Despite a straightforward premise, Moving Forward has become a complex program

  • Ambitious plans to improve energy efficiency and reduce transportation costs make projects more complicated than those built using a more-conventional process for affordable housing.
  • Some objectives support the core goal of reducing costs to residents, but other objectives are not necessarily aligned with that goal.

Moving Forward housing developments have produced some innovation

  • Projects successfully incorporating solar power and green building designs are producing energy-related outputs in line with the program's objectives.
  • There is less evidence of success in the areas of transportation, mobility, and services.

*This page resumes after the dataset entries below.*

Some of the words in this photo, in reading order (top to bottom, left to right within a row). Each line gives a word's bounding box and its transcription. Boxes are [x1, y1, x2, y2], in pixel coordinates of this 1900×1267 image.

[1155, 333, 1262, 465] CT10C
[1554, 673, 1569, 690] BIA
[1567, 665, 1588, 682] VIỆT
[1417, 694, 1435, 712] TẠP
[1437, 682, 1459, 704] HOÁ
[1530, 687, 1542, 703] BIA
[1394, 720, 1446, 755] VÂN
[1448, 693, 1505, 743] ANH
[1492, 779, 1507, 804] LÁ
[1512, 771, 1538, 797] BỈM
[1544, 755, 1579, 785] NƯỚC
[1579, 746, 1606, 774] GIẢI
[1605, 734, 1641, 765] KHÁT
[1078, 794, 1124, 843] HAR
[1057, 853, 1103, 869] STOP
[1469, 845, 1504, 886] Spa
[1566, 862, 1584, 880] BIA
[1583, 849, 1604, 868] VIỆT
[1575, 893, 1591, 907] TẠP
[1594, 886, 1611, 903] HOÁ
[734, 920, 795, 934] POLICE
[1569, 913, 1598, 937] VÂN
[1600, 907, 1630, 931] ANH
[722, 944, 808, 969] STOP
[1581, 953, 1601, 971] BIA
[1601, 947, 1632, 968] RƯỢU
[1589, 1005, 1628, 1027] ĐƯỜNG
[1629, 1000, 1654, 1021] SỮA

Program resources have been sufficient, but staffing has been a challenge

  • Available staff did not always have the knowledge, influence, or relationships needed to fully support development partners.
  • The workshop-based approach positively exposed developers to innovative ideas, but postworkshop support was uneven.

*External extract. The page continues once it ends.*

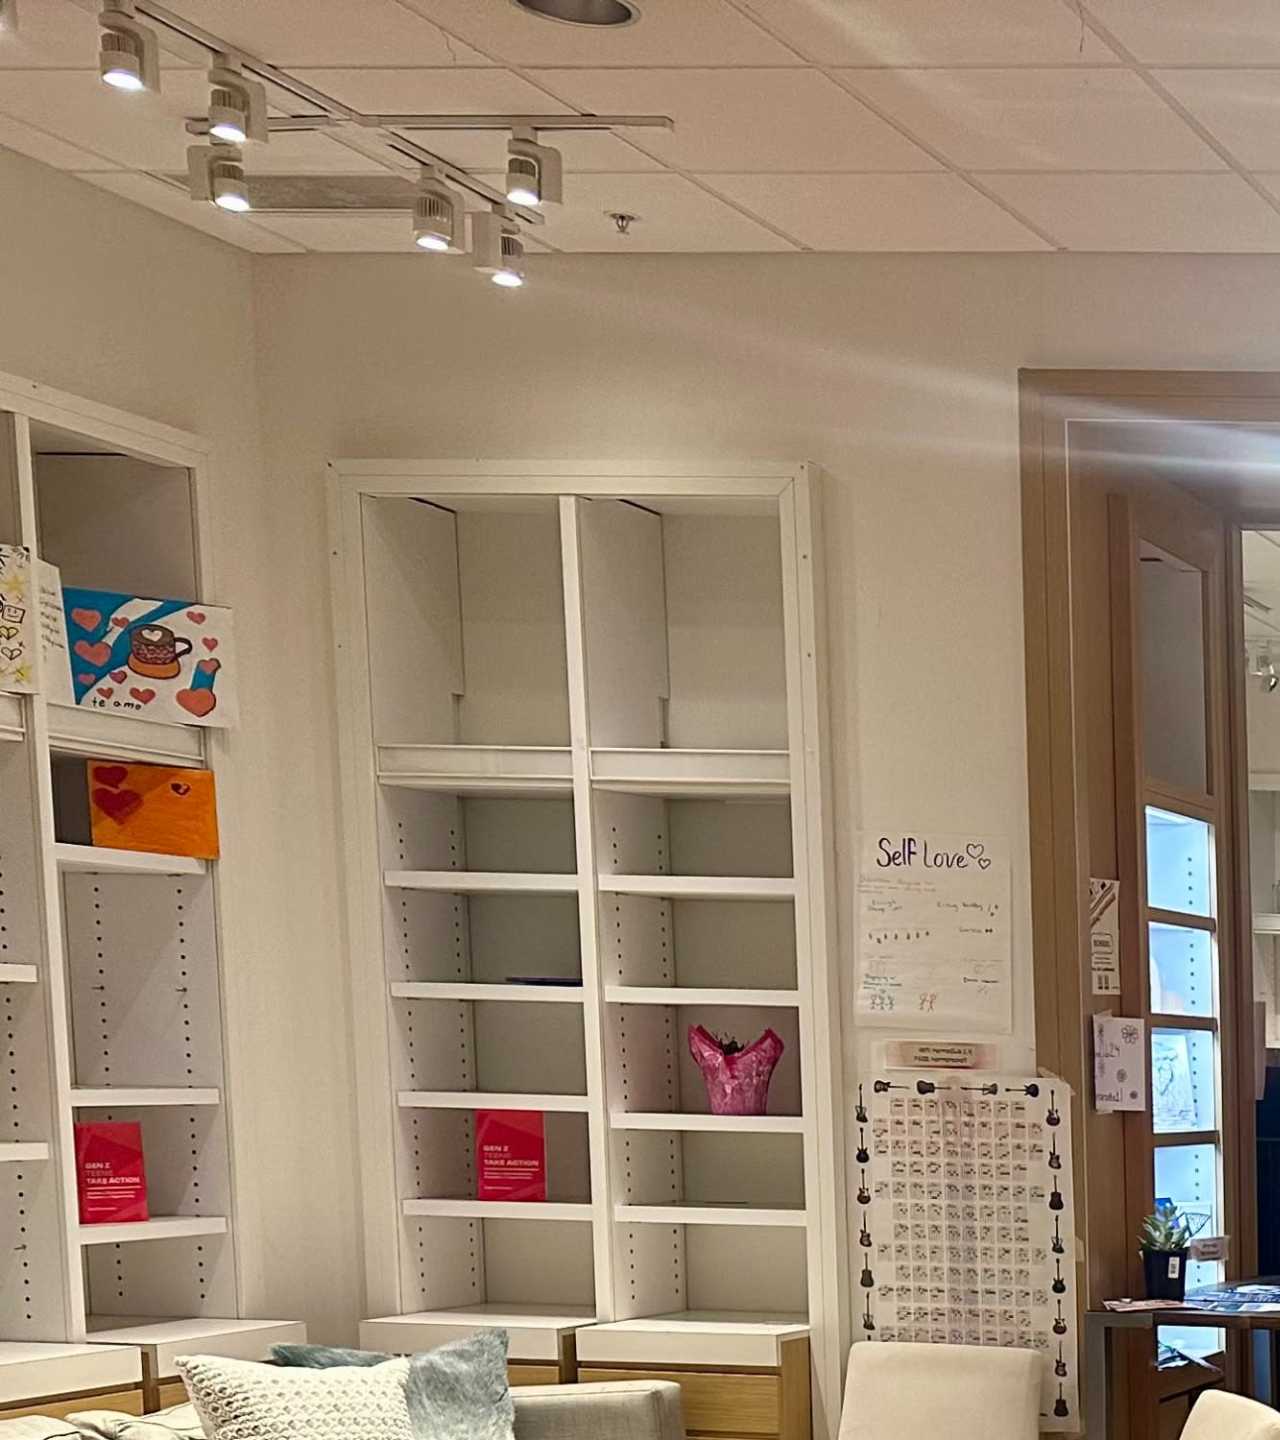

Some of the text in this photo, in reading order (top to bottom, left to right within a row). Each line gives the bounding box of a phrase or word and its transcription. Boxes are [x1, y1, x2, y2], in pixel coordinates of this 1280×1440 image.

[92, 698, 142, 710] te amo
[109, 1176, 140, 1184] ACTION

Certain constraints unique to Moving Forward projects affected success

  • The workshops focused more on "visioning" than on implementation challenges.
  • The program at once improved financial viability and brought expectations of higher upfront costs that need to be accounted for.
  • Constraints should be acknowledged in the preworkshop phases. It is too early to recommend scaling up the program substantially or replicating it elsewhere.


  • Clarify and prioritize Moving Forward core goals, and work with developers to enhance those program elements with promise while deemphasizing those that are not clearly beneficial.
  • Ensure that there is appropriate, dedicated staffing commensurate with the program's scope and goals.
  • Better assess developer capabilities to improve selection of teams and better tailor the program.
  • Be realistic about what transportation goals are feasible and cautious about overinvesting in innovation.
  • Revise and rebalance the workshop approach to maintain "visioning" while expanding "practical" outputs; bring in experience and lessons learned from earlier phases of the program.
  • Consider establishing a forum for Moving Forward developers to communicate and share ideas.
  • Identify a limited set of metrics to help stakeholders understand, track, and document performance, outputs, and outcomes of development projects.
  • Compile comprehensive information about operational costs.
  • Continue to support solar development by aligning energy companies and project developers.
  • Help developers engage with subject-matter experts following the workshops in ways that support program goals and do not create financial barriers.
  • Build on partnerships, knowledge, and technology development for successive phases, but recognize that access to cutting-edge technology alone is not sufficient for real-world deployment.
  • Align and integrate the Moving Forward initiative with other affordable housing programs for mutual benefit; especially align measurement and data related to the transportation and energy characteristics of affordable housing projects.
  • Consider using Moving Forward as an explicit test environment for broad-based adoption.

Research conducted by

This research was sponsored by Central Indiana Corporate Partnership (CICP) and conducted in the Community Health and Environmental Policy Program within RAND Social and Economic Well-Being.